Pourquoi n’avez-vous pas inclus les fonds des musées et des sociétés savantes ?
Les musées de sciences ne possèdent qu’assez peu d’archives et elles ne sont pas toujours accessibles. Signaler des fonds non classés et parfois plus ou moins en déshérence reviendrait à attirer l’attention sur des documents qui sont protégés (du vol, en particulier) du fait même qu’on ignore leur existence ! Avec le guide, nous espérons attirer l’attention sur des fonds souvent trop négligés par les chercheurs et peut-être inciter les familles et les particuliers à déposer ou donner de nouveaux fonds.
Les archives personnelles des scientifiques possèdent-elles des particularités ?
Les archives personnelles des scientifiques relevant des sciences « dures » ne diffèrent pas profondément, quant à la nature des documents conservés, de celles des scientifiques relevant des sciences « humaines », voire même de celles d’hommes politiques. Cependant, la consultation et l’utilisation de ce type d’archives supposent de replacer les documents dans leur contexte de production et requièrent une « expertise » qui en rend la mise à disposition sous forme numérique assez difficile.

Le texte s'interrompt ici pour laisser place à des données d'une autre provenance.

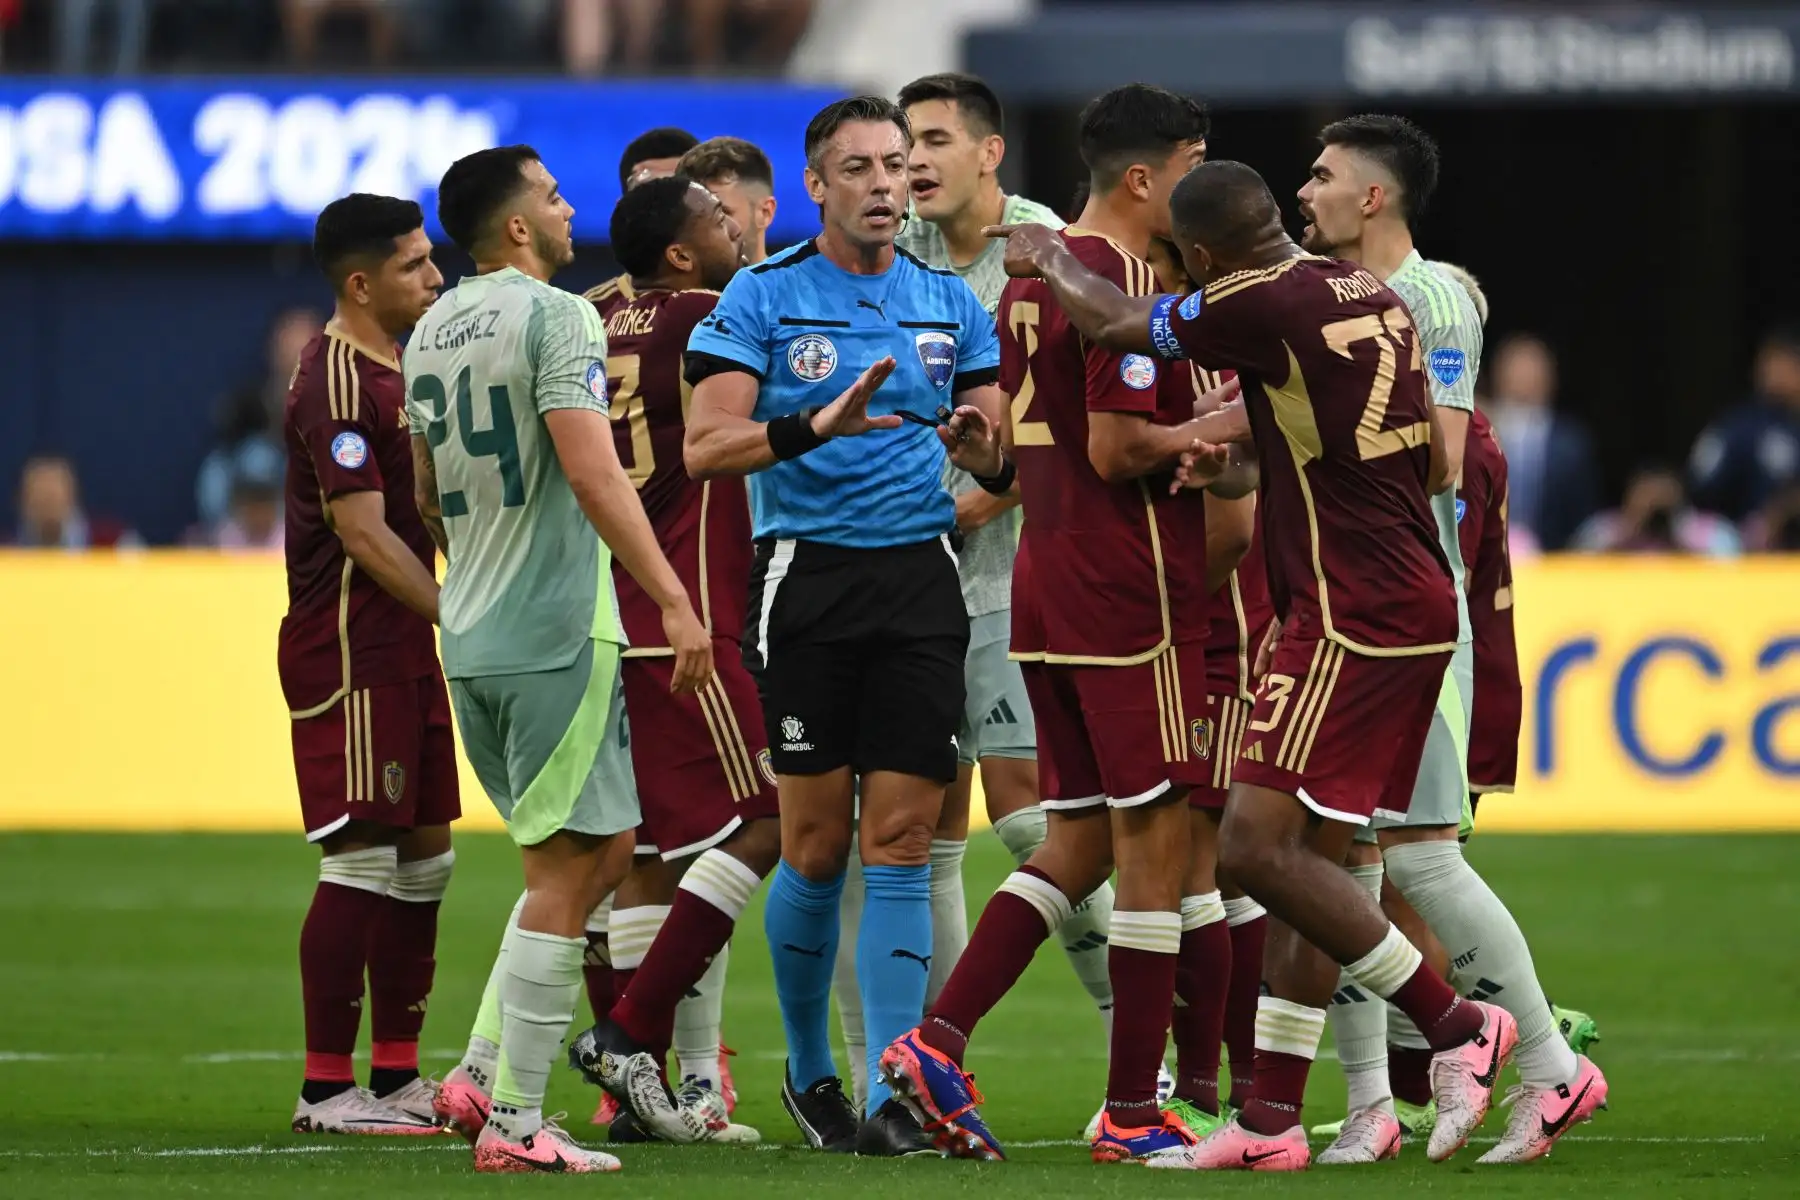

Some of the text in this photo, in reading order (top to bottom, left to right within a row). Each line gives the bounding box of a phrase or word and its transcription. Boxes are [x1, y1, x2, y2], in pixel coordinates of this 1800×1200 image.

[602, 304, 657, 338] RTÍNEZ
[1009, 300, 1056, 447] 2
[1434, 358, 1461, 366] VIBRA
[411, 364, 527, 519] 24
[1247, 673, 1297, 733] 3
[1451, 946, 1478, 970] MF
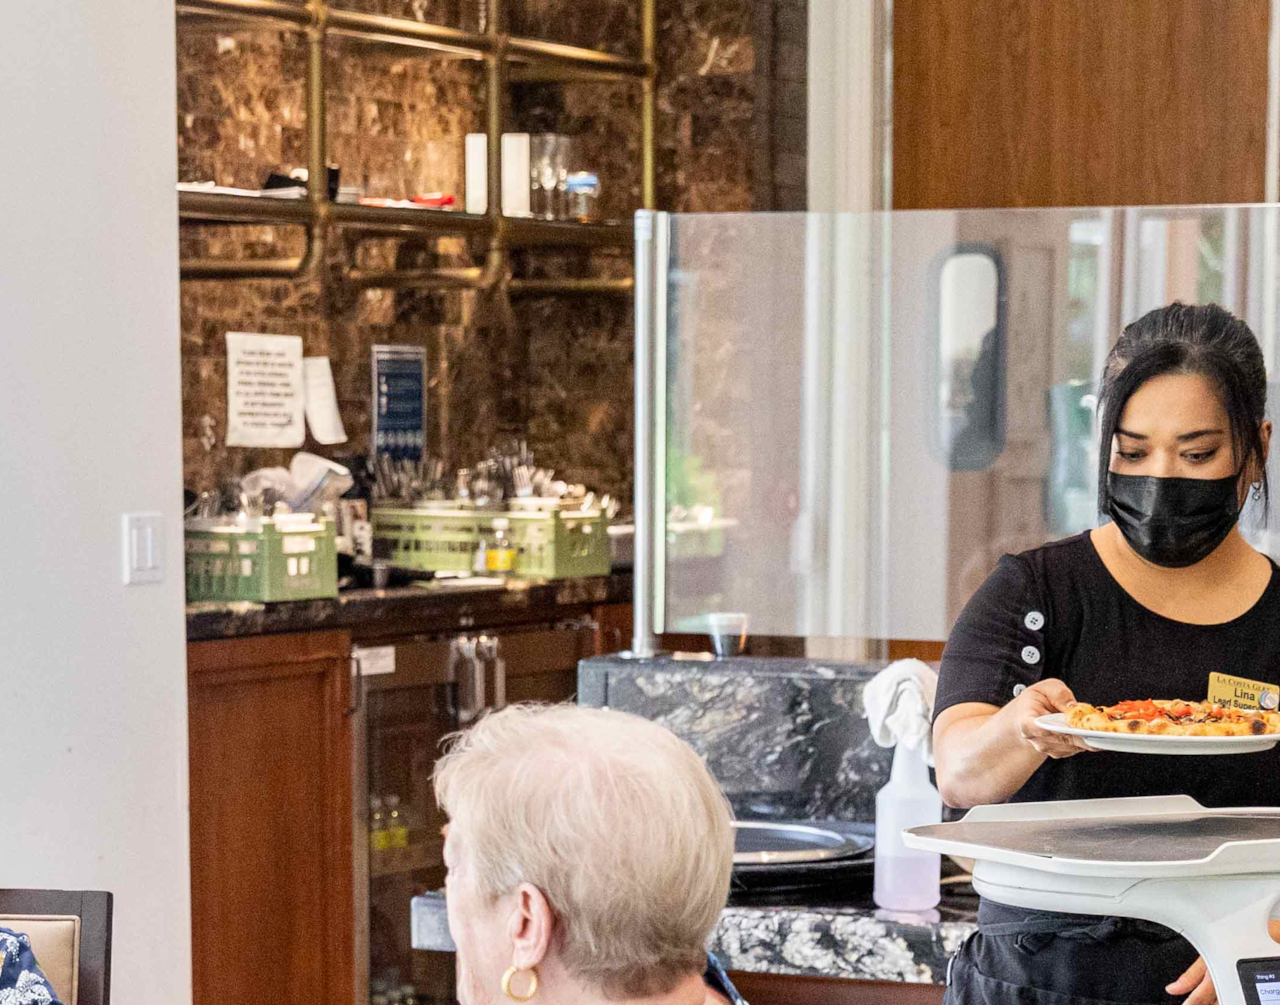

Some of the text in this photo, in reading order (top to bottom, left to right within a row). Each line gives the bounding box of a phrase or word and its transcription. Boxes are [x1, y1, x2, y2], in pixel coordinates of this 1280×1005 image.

[1228, 678, 1250, 689] COSTA
[1234, 688, 1255, 701] Lina
[1213, 695, 1232, 707] Lead
[1233, 699, 1261, 710] Superv
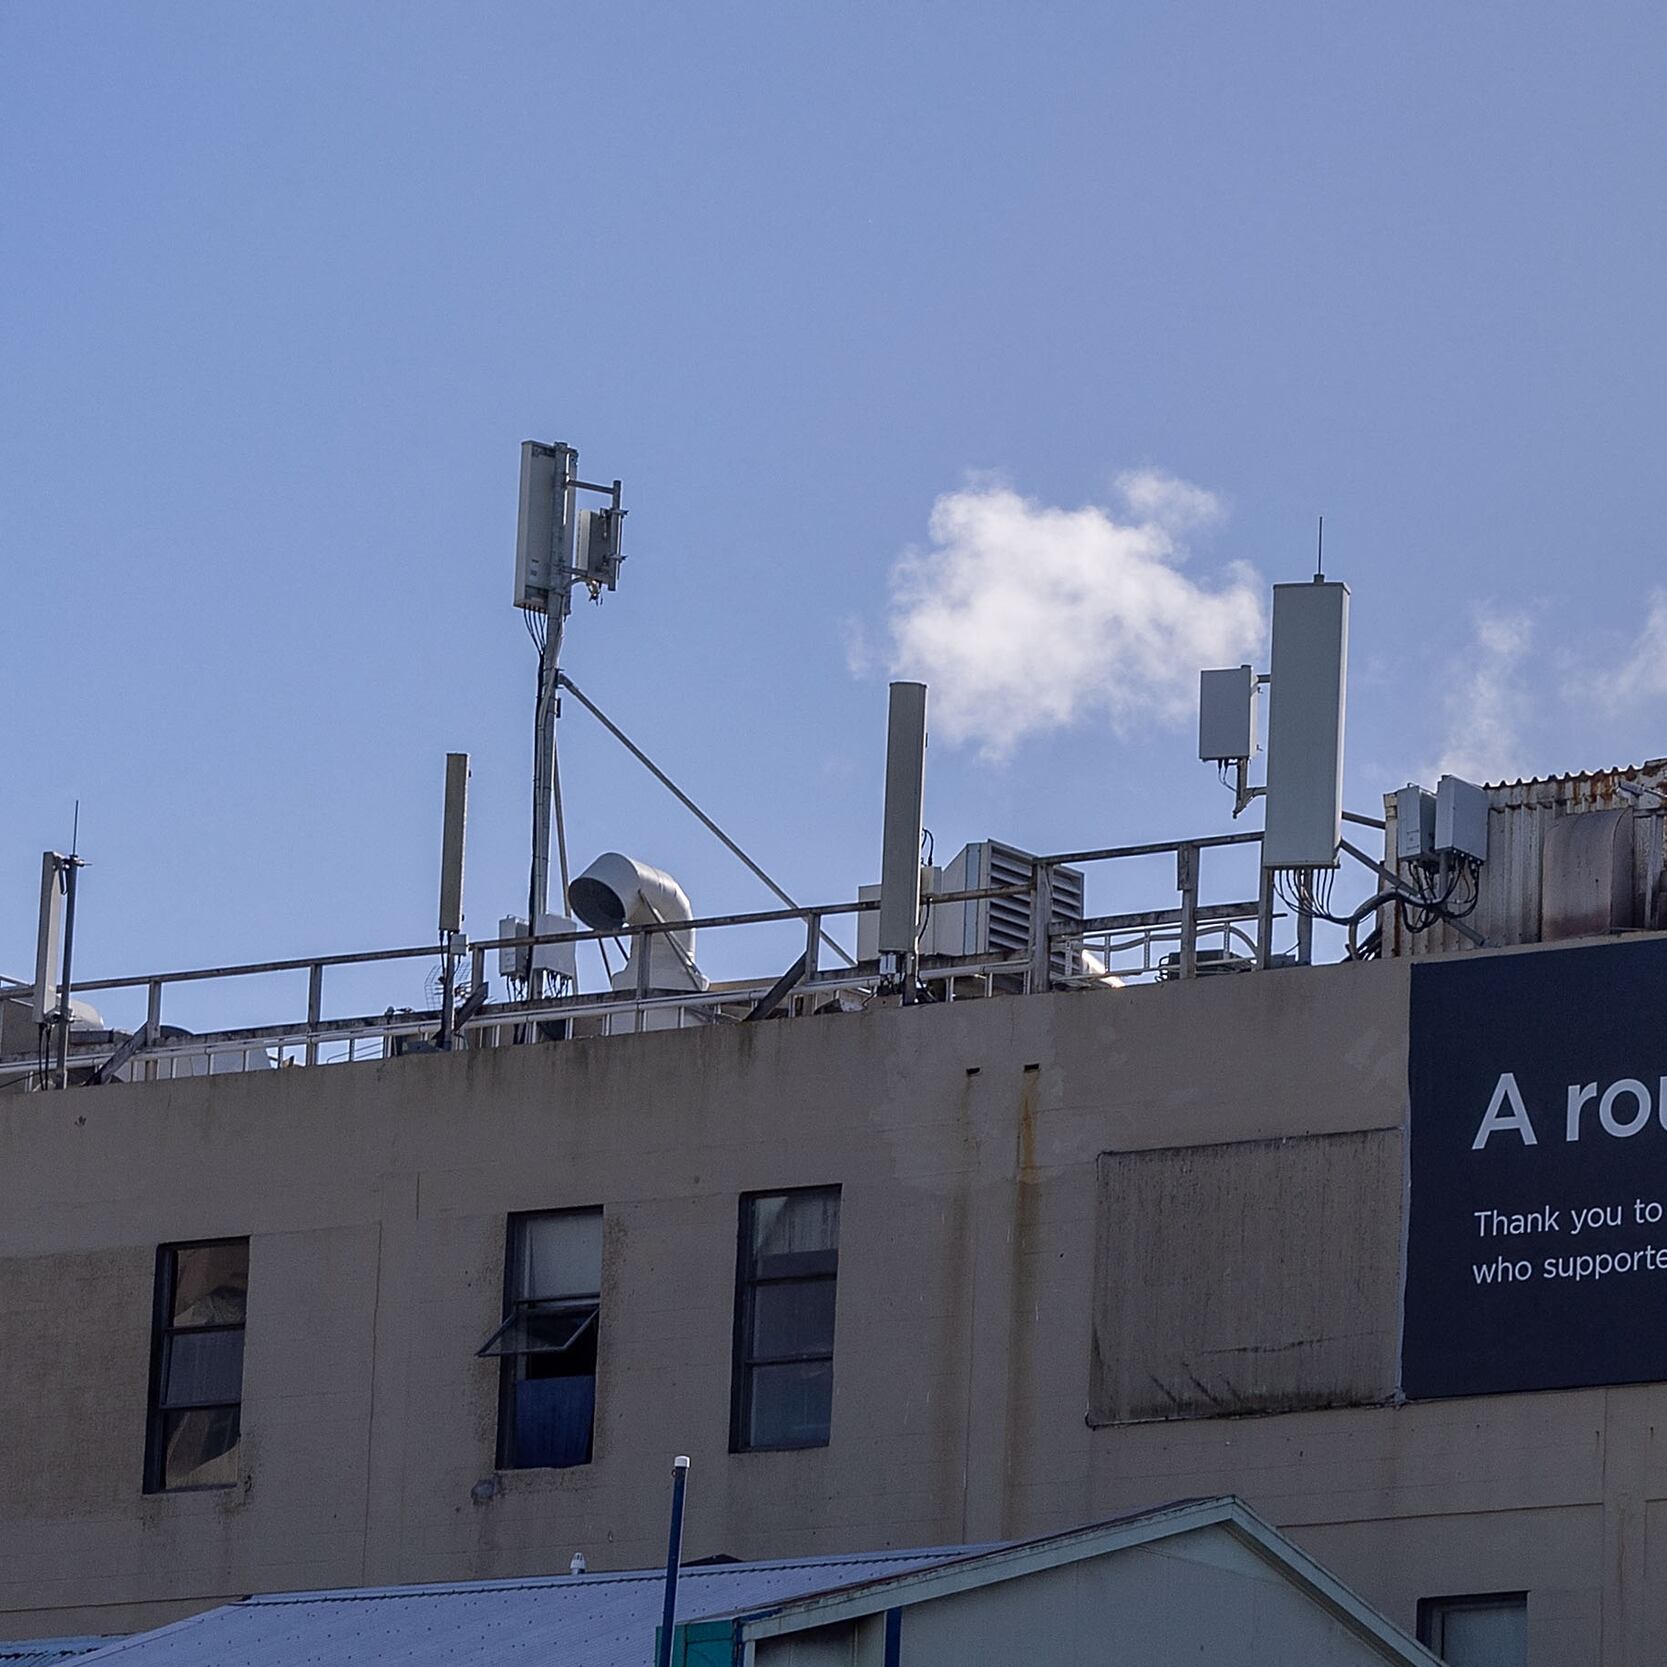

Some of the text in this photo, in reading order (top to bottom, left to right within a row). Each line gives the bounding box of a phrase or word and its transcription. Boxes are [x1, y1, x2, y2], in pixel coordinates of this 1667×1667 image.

[1471, 1072, 1538, 1150] A
[1474, 1206, 1560, 1237] Thank
[1570, 1204, 1623, 1235] you
[1634, 1199, 1663, 1224] to
[1473, 1256, 1533, 1284] who

(1) Madame Charmasson, conservateur en chef du patrimoine, est directrice du Centre de recherche en histoire des sciences et des techniques à la Cité des sciences et de l’industrie à Paris.
Propos recueillis par Christophe Dorny
Les archives des scientifiques. XVIe-XXe siècle. Guide des fonds conservés en France, sous la direction de Thérèse Charmasson. Éd. du Comité des travaux historiques et scientifiques, Paris, 2008, 629 p., 35 €.